BEGIN

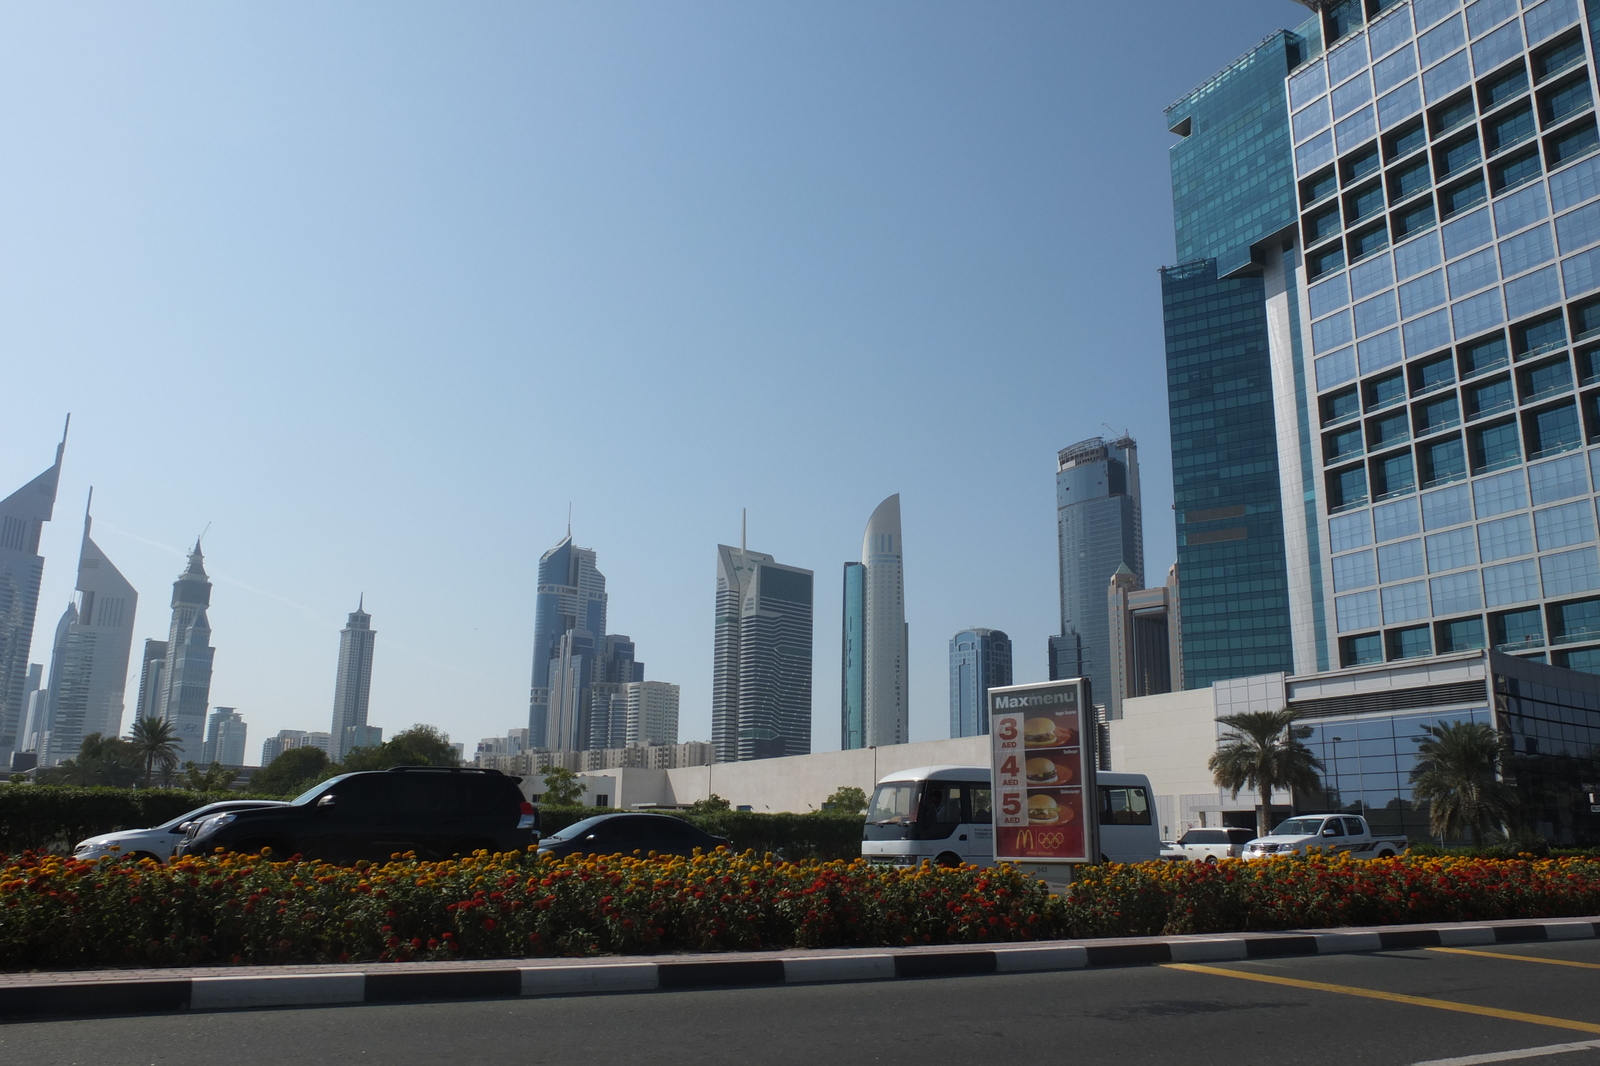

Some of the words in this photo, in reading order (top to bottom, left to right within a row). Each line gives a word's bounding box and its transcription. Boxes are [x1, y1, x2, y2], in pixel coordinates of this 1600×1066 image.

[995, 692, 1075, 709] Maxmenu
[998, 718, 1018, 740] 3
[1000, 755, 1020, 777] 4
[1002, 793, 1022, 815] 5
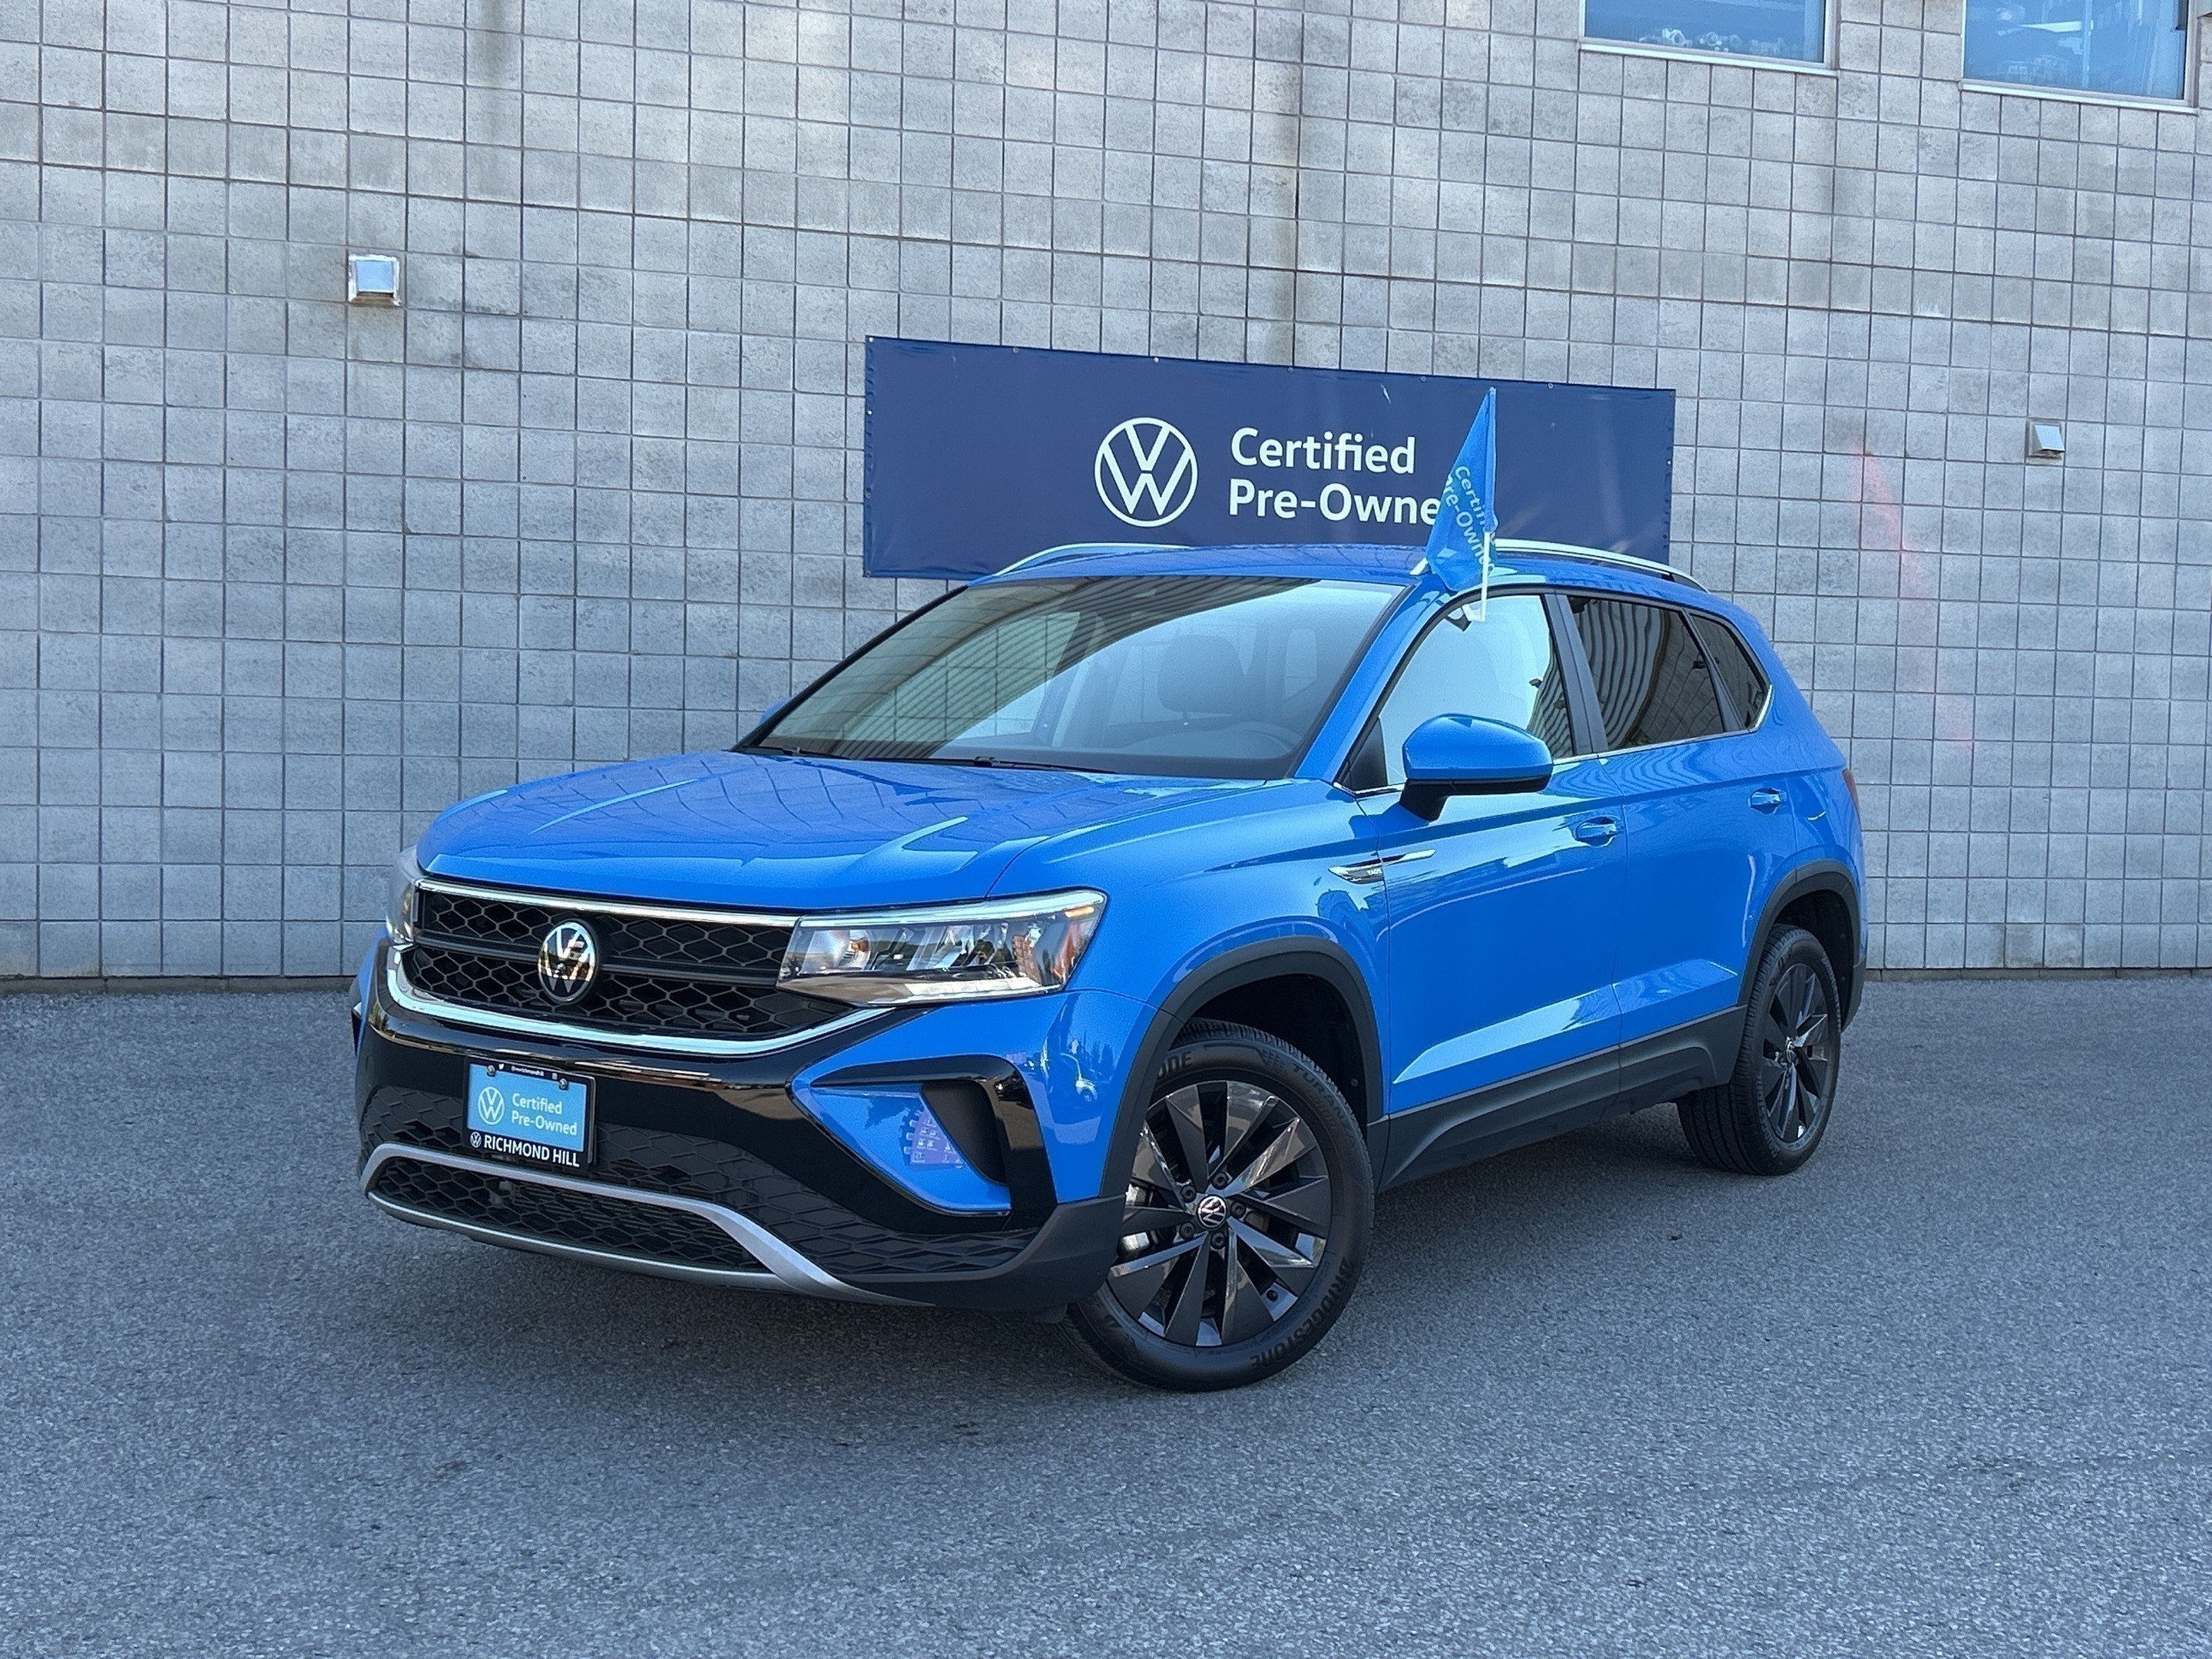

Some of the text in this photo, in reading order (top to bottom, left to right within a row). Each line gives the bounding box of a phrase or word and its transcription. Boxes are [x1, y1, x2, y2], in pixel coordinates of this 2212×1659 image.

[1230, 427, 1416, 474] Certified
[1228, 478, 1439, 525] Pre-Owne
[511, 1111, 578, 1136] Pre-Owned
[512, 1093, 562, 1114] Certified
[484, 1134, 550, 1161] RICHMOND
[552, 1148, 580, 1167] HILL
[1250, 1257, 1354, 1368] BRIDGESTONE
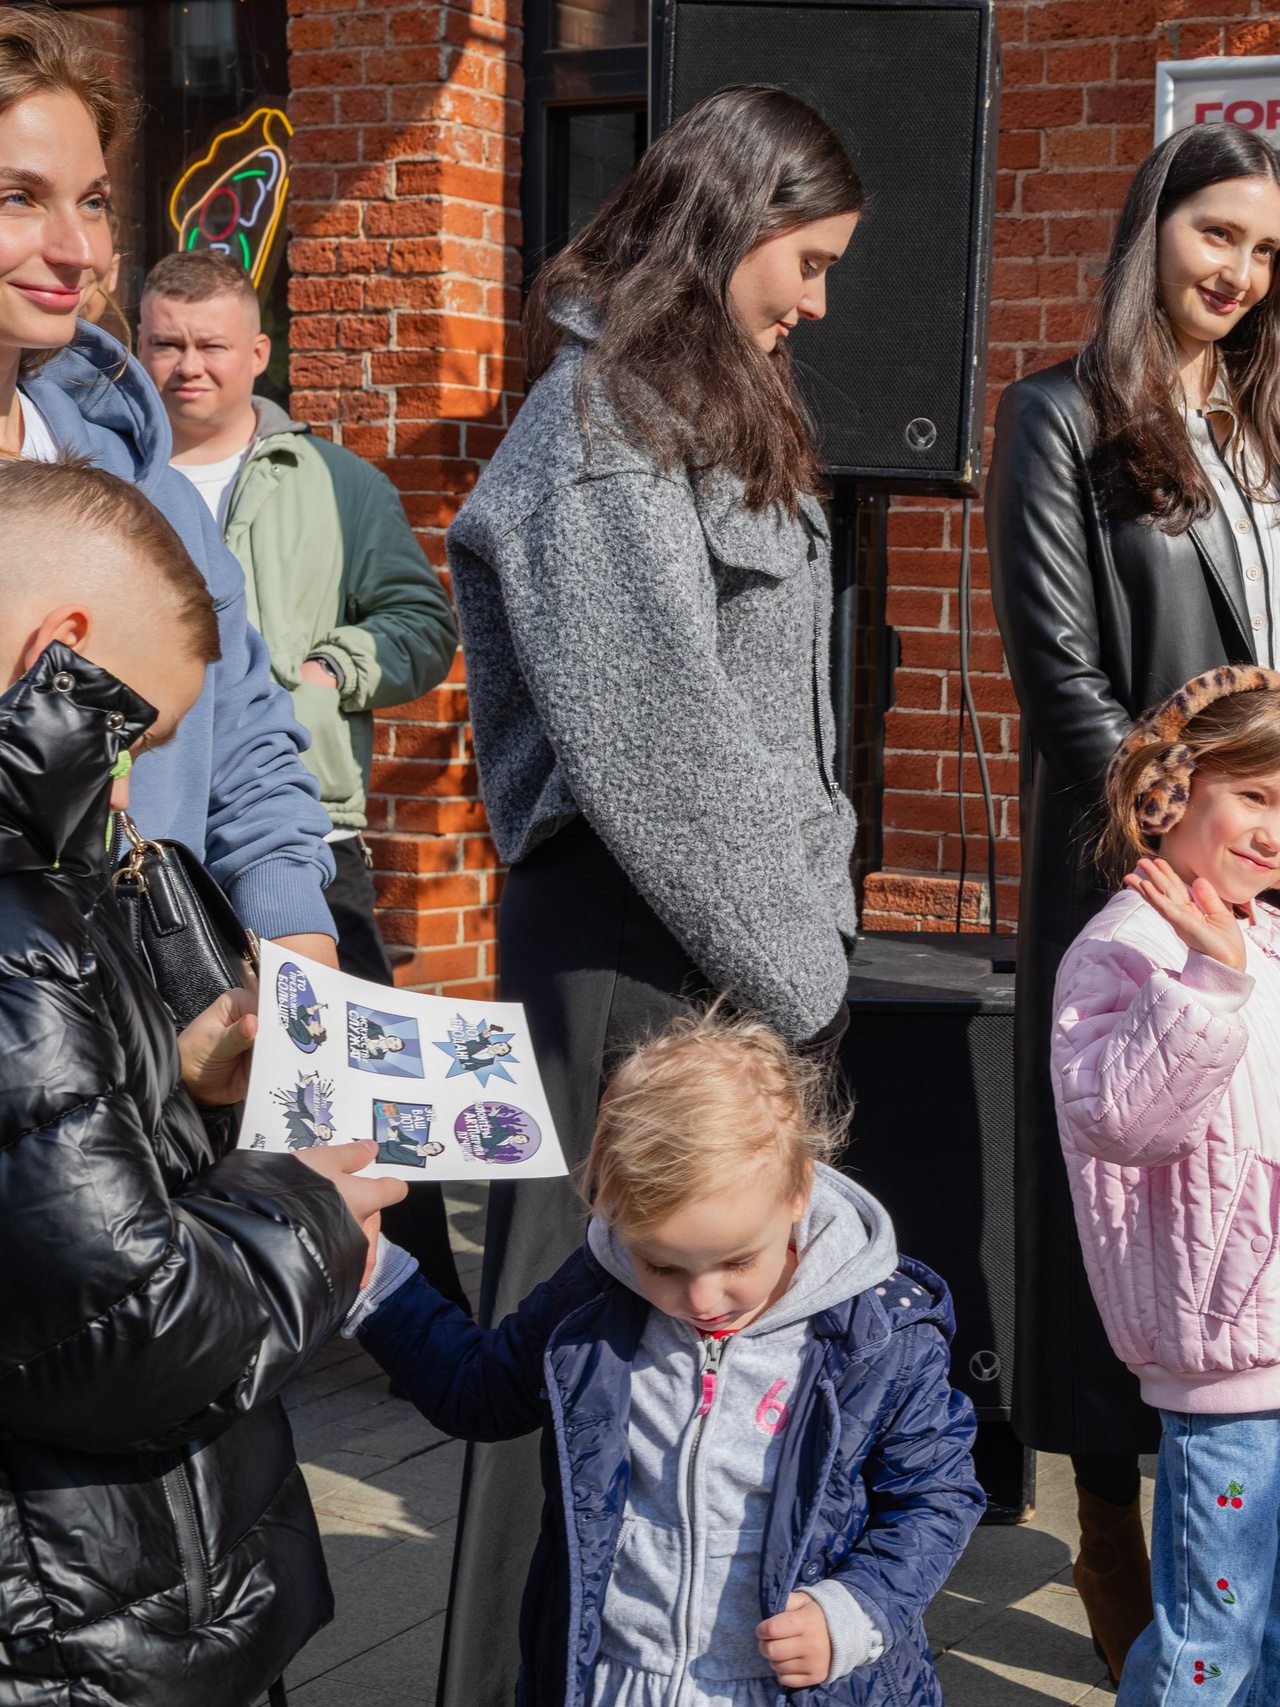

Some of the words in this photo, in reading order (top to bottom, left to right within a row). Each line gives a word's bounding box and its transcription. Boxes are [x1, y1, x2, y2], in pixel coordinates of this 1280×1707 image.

END

## Work instruction
Using the data above, print every line exactly, omitting pictures.

## Task response
Some of the words in this photo, in reading order (top to bottom, left to right within a row). Each line gives a word's bounding box and its transcription. Boxes are [x1, y1, x2, y2], in pixel coordinates of this 1600×1066 image.

[995, 692, 1075, 709] Maxmenu
[998, 718, 1018, 740] 3
[1000, 755, 1020, 777] 4
[1002, 793, 1022, 815] 5

Some of the text in this photo, in reading order (top to bottom, left to right within a row). Each line gives the bounding box of a phrase or word and its transcription. Boxes are [x1, y1, x2, y2], in pixel coordinates of this 2212×1659 image.

[1230, 427, 1416, 474] Certified
[1228, 478, 1439, 525] Pre-Owne
[511, 1111, 578, 1136] Pre-Owned
[512, 1093, 562, 1114] Certified
[484, 1134, 550, 1161] RICHMOND
[552, 1148, 580, 1167] HILL
[1250, 1257, 1354, 1368] BRIDGESTONE

Some of the words in this photo, in reading order (top to bottom, left to right within a row). Each line gives a word's bounding box and its transcription. Boxes are [x1, y1, x2, y2], in pixel coordinates of this 1280×1707 image.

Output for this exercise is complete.